_Exercise details_. Without including the pictures, copy each line below exactly as it reads.

_Data for the task_.
════════
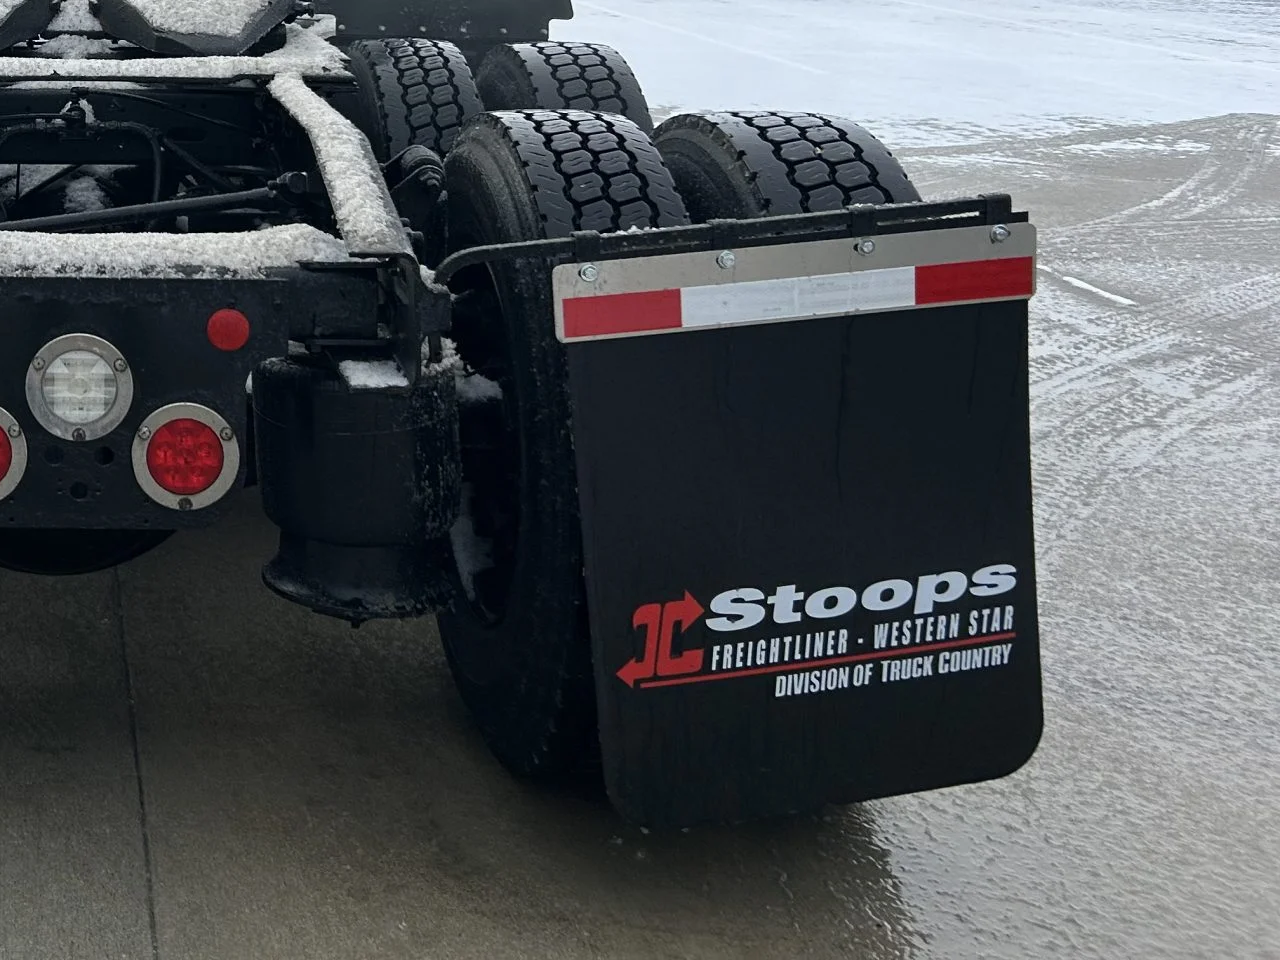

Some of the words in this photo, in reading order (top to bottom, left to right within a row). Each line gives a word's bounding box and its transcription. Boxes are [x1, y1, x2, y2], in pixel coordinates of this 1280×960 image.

[705, 563, 1017, 632] Stoops
[711, 628, 848, 671] FREIGHTLINER
[873, 612, 960, 650] WESTERN
[968, 605, 1014, 636] STAR
[774, 666, 850, 698] DIVISION
[852, 662, 874, 687] OF
[880, 654, 934, 683] TRUCK
[938, 643, 1013, 674] COUNTRY
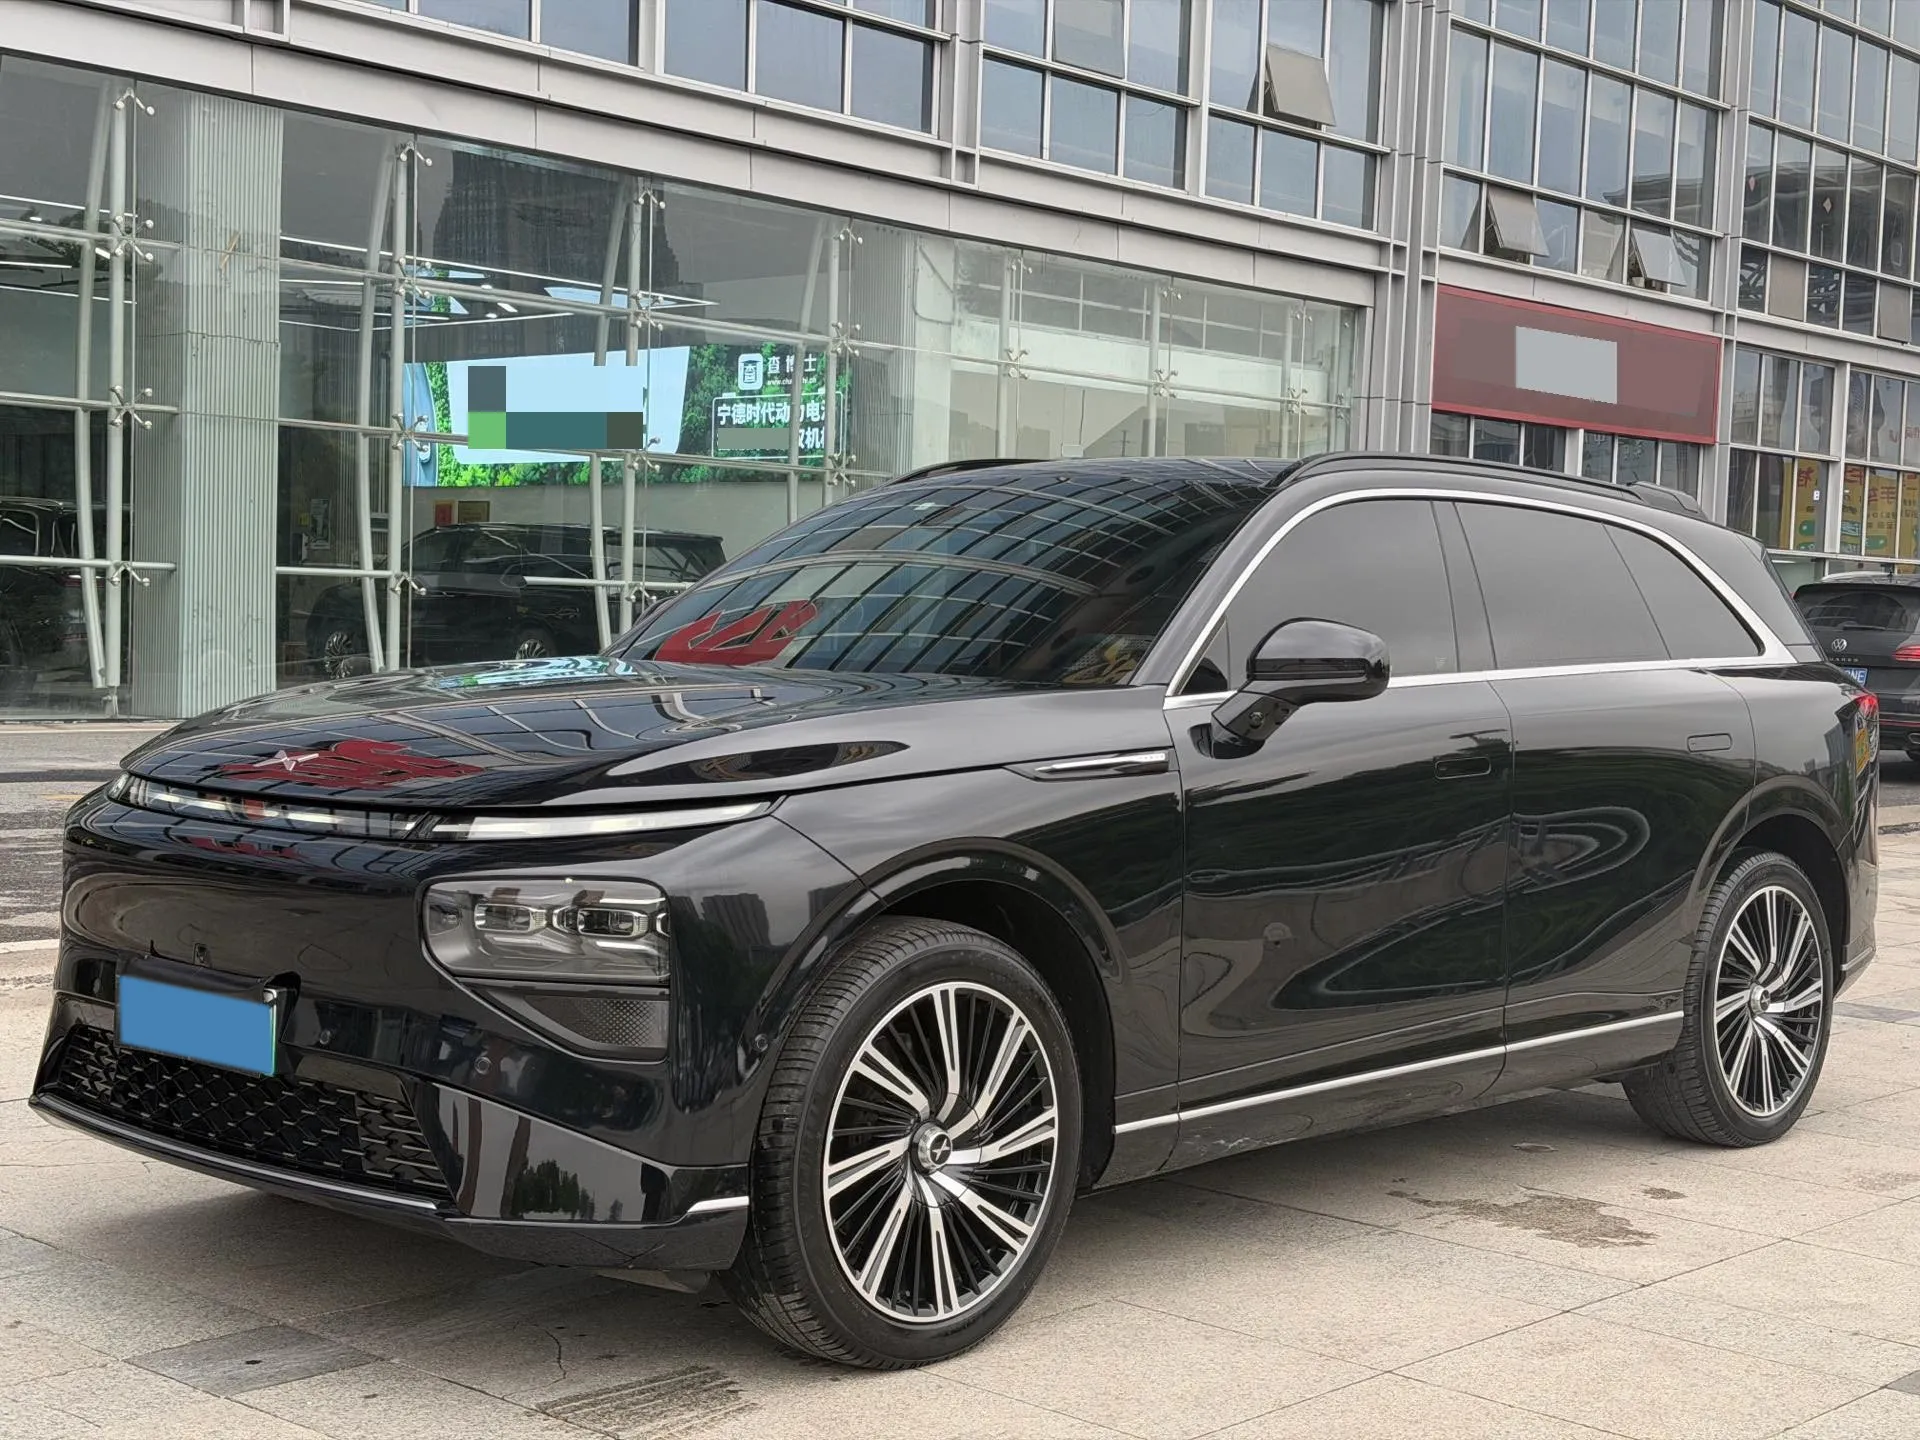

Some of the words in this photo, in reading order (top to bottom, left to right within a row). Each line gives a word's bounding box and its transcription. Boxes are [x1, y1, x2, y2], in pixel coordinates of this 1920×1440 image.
════════
_Response to the task_.
Some of the words in this photo, in reading order (top to bottom, left to right within a row). Each line gives a word's bounding box and its transcription. Boxes are [x1, y1, x2, y2], in pixel coordinates of this 1280×960 image.

[705, 563, 1017, 632] Stoops
[711, 628, 848, 671] FREIGHTLINER
[873, 612, 960, 650] WESTERN
[968, 605, 1014, 636] STAR
[774, 666, 850, 698] DIVISION
[852, 662, 874, 687] OF
[880, 654, 934, 683] TRUCK
[938, 643, 1013, 674] COUNTRY

Some of the words in this photo, in reading order (top to bottom, left to right within a row). Each line gives a word's bounding box and its transcription. Boxes are [x1, y1, x2, y2], in pixel coordinates of this 1920×1440 image.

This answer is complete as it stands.